A humble recruiting bump from spicy ads the service ran before the showings of “Top Gun: Maverick” helped a bit, he said. But the general pointed to greater longer-term concerns about the shrinking group of young Americans who are both able and willing to serve. In recent years, the Pentagon has found that approximately 76 percent of adults ages 17 to 24 are too obese to qualify or have other medical problems or criminal histories that make them ineligible to serve without an exemption.

And what the military calls propensity — the proportion of young adults who would consider serving — has been declining steadily for several years. It stood at 13 percent before the pandemic started, General Thomas said, but is now 9 percent.

“There’s just less trust in the US government and military,” he said.

Of course, it’s never been easy to sustain one of the world’s largest armies entirely with volunteers, and this isn’t the first time in 49 years since the United States. the draft ended that recruitment has failed.

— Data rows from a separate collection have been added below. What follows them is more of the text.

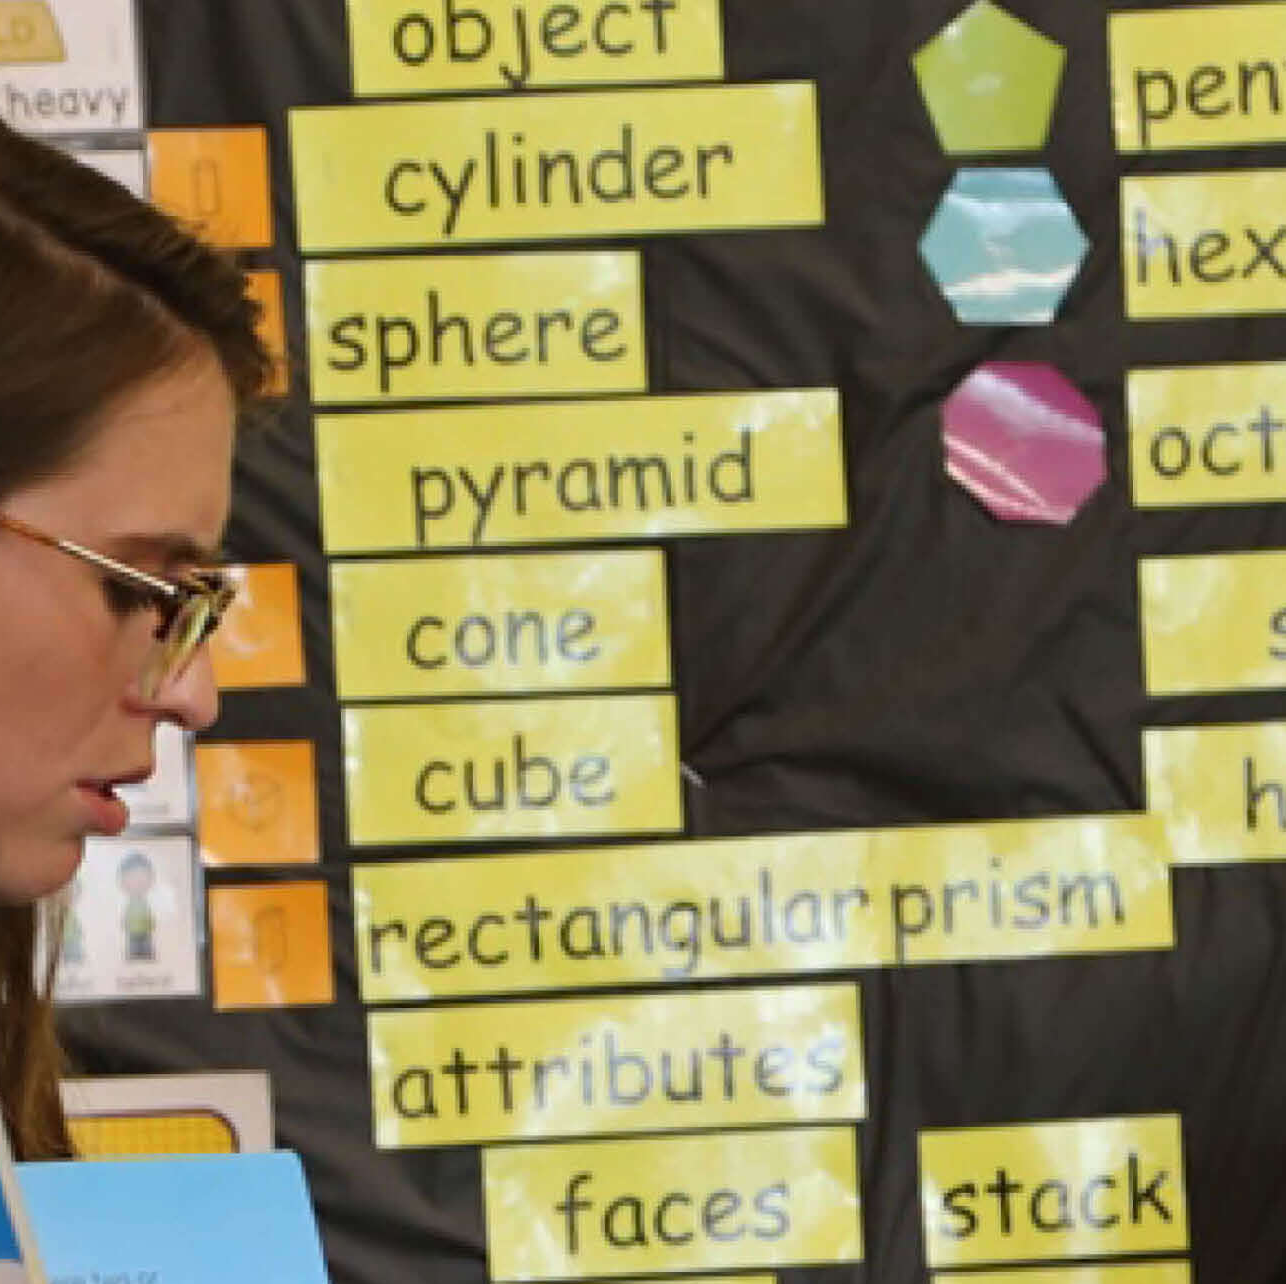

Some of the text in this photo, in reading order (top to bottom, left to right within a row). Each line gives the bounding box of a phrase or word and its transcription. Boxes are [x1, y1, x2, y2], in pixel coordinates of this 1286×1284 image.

[393, 0, 677, 88] object
[5, 83, 128, 125] heavy
[385, 123, 734, 238] cylinder
[327, 289, 628, 393] sphere
[411, 425, 755, 547] pyramid
[406, 607, 601, 670] cone
[415, 734, 617, 815] cube
[368, 856, 1127, 980] rectangular prism
[393, 1030, 847, 1120] attributes
[555, 1172, 792, 1254] faces
[939, 1152, 1174, 1240] stack

When there are a lot of jobs for civilians, as there are now, the military tries to compete using two tactics: sweeten the deal with signing bonuses, better pay and other temptations, and lower the standards a bit to hire people. that might not otherwise qualify.

The military has also adapted through downsizing. The number of active-duty military personnel is now about half of what it was in the 1980s and is expected to continue to decline.

That makes for smaller, easier-to-achieve quotas, recruiters say, but it also reduces the military’s most trusted advertising resource: its people. Research has repeatedly shown that young adults who know someone who has served — a parent, a coach, a teacher — are more likely to enlist than those who don’t.

That pattern has turned the armed forces into something a family business, and led some communities, many in the Southeast, to provide a disproportionate share of recruits. But even in those kinds of communities, recruiting was difficult this year.

The town of Fountain, a few miles from Fort Carson, is a patchwork of working-class neighborhoods with strong military ties. But the recruiting station here hasn’t met its goals for three months.

On a recent evening, Sergeant Pulliam met six potential recruits in a park for a weekly workout of pushups and situps. The group included three recent high school graduates who had been planning to join for years; a young woman trying to get away from a domestic life she didn’t want to talk about; and a 26-year-old man named Francisco Borja, whose father had served in the military.

mr. Borja had tried to participate before but was rejected due to poor eyesight. He hoped the military would catch him this time.

“I want to do it for my family, my children,” he said. “To improve our lives.”